Entries supplied START

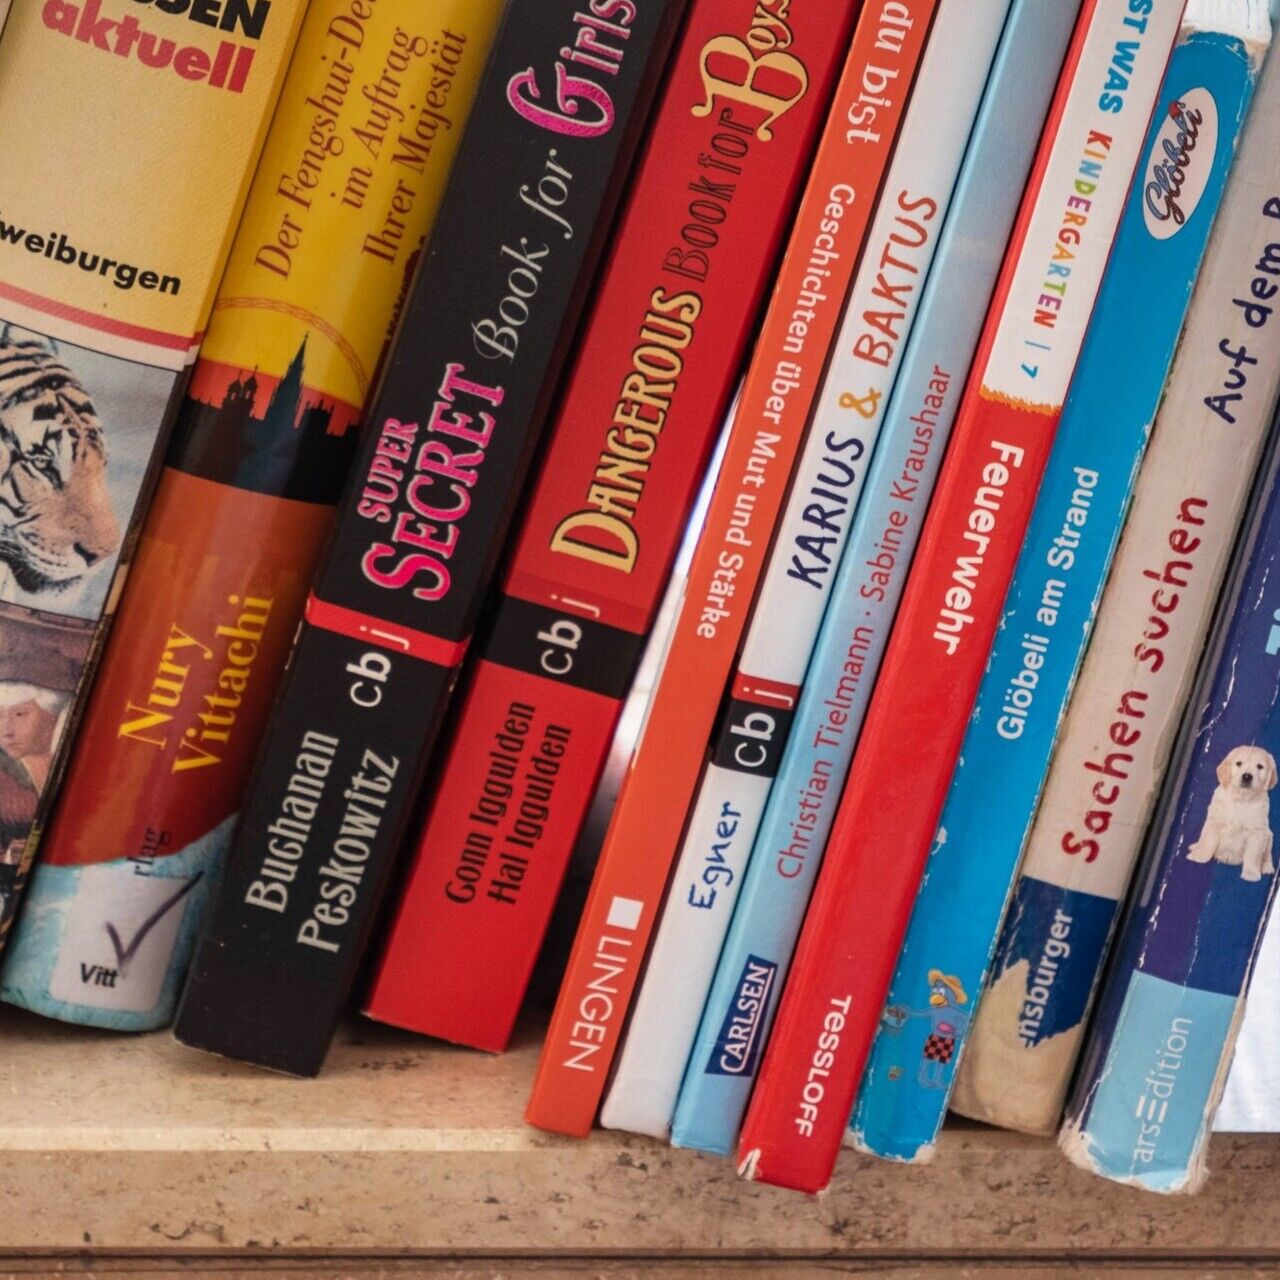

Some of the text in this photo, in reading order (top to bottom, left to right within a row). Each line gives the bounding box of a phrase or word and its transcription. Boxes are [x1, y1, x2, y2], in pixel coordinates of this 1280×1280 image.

[846, 61, 901, 145] bist
[875, 0, 915, 53] du
[1098, 40, 1140, 114] WAS
[330, 27, 429, 210] im Auftrag
[362, 27, 467, 266] Ihrer Majestät
[520, 148, 574, 239] for
[255, 213, 303, 281] Der
[1032, 129, 1113, 329] KINDERGARTEN
[357, 417, 418, 523] SUPER
[549, 286, 703, 574] DANGEROUS
[697, 183, 856, 640] Geschichten über Mut und Stärke
[786, 189, 938, 588] KARIUS BAKTUS
[1204, 339, 1259, 424] Auf
[361, 362, 504, 601] SECRET
[933, 441, 1025, 656] Feuerwehr
[1035, 466, 1100, 626] am Strand
[118, 623, 213, 749] Nury
[172, 594, 274, 774] Vittachi
[777, 365, 953, 879] Christian Tielmann Sabine Kraushaar
[1060, 496, 1208, 863] Sachen suchen
[244, 730, 339, 913] Buchanan
[297, 748, 399, 954] Peskowitz
[471, 700, 536, 825] Iggulden
[487, 723, 571, 905] Hal Iggulden
[688, 801, 741, 910] Egner
[564, 936, 632, 1072] LINGEN
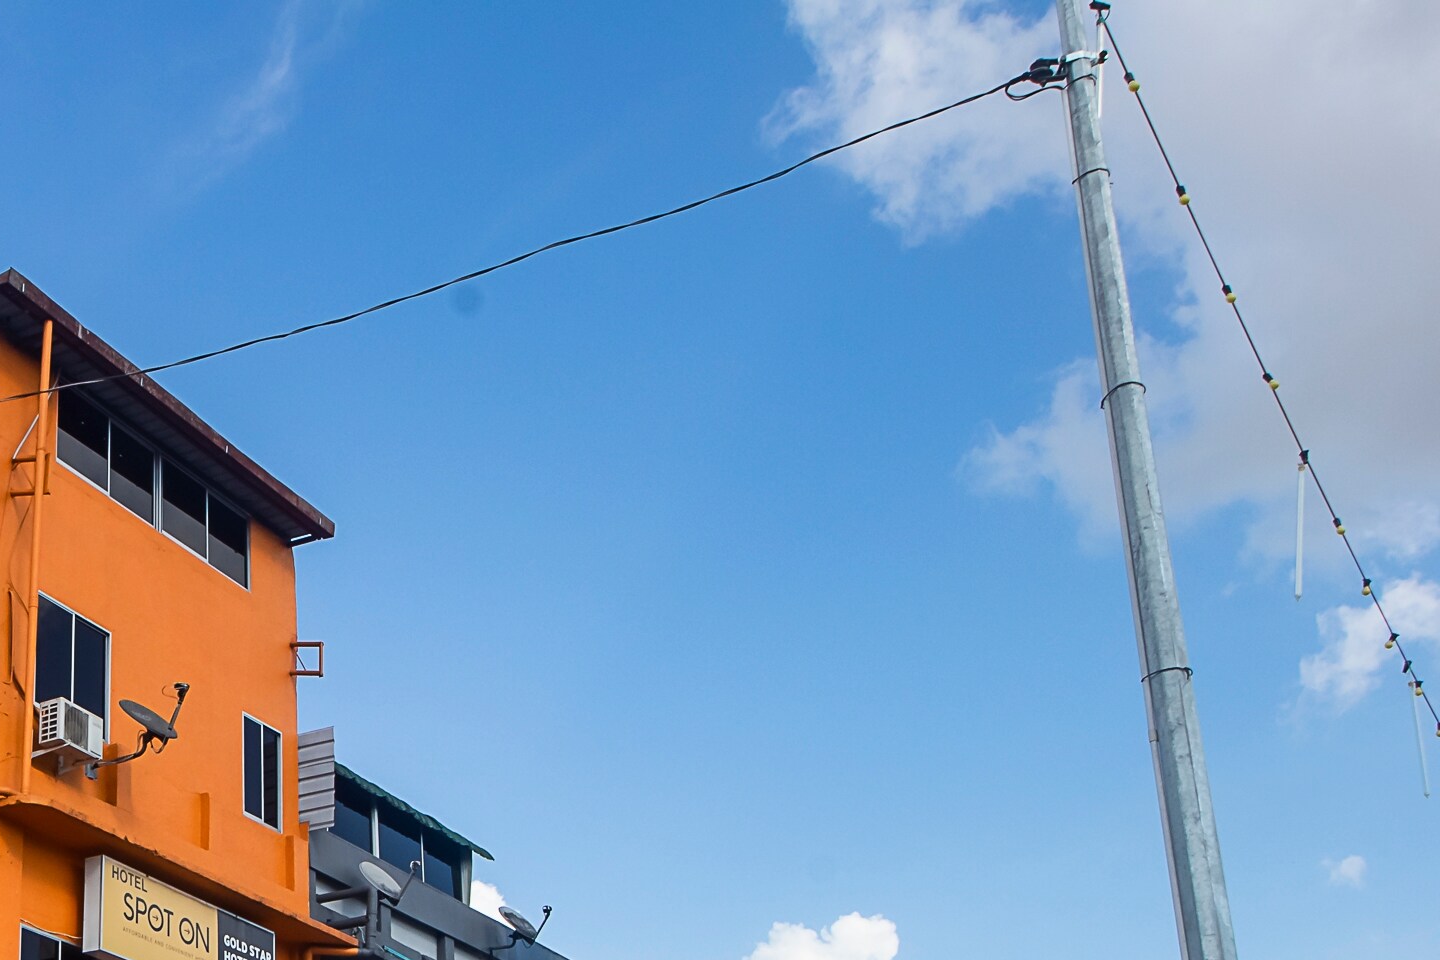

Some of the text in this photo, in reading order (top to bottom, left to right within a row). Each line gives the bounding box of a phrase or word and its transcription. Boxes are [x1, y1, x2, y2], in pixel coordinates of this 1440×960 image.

[112, 865, 148, 893] HOTEL
[123, 892, 210, 953] SPOT ON
[223, 934, 248, 954] GOLD

Entries supplied END

Exercise: Pictures stay out of the copy; please restate every record above exactly.

Solution for this problem:
Some of the text in this photo, in reading order (top to bottom, left to right within a row). Each line gives the bounding box of a phrase or word and its transcription. Boxes are [x1, y1, x2, y2], in pixel coordinates of this 1280×1280 image.

[846, 61, 901, 145] bist
[875, 0, 915, 53] du
[1098, 40, 1140, 114] WAS
[330, 27, 429, 210] im Auftrag
[362, 27, 467, 266] Ihrer Majestät
[520, 148, 574, 239] for
[255, 213, 303, 281] Der
[1032, 129, 1113, 329] KINDERGARTEN
[357, 417, 418, 523] SUPER
[549, 286, 703, 574] DANGEROUS
[697, 183, 856, 640] Geschichten über Mut und Stärke
[786, 189, 938, 588] KARIUS BAKTUS
[1204, 339, 1259, 424] Auf
[361, 362, 504, 601] SECRET
[933, 441, 1025, 656] Feuerwehr
[1035, 466, 1100, 626] am Strand
[118, 623, 213, 749] Nury
[172, 594, 274, 774] Vittachi
[777, 365, 953, 879] Christian Tielmann Sabine Kraushaar
[1060, 496, 1208, 863] Sachen suchen
[244, 730, 339, 913] Buchanan
[297, 748, 399, 954] Peskowitz
[471, 700, 536, 825] Iggulden
[487, 723, 571, 905] Hal Iggulden
[688, 801, 741, 910] Egner
[564, 936, 632, 1072] LINGEN

Some of the text in this photo, in reading order (top to bottom, left to right within a row). Each line gives the bounding box of a phrase or word and its transcription. Boxes are [x1, y1, x2, y2], in pixel coordinates of this 1440×960 image.

[112, 865, 148, 893] HOTEL
[123, 892, 210, 953] SPOT ON
[223, 934, 248, 954] GOLD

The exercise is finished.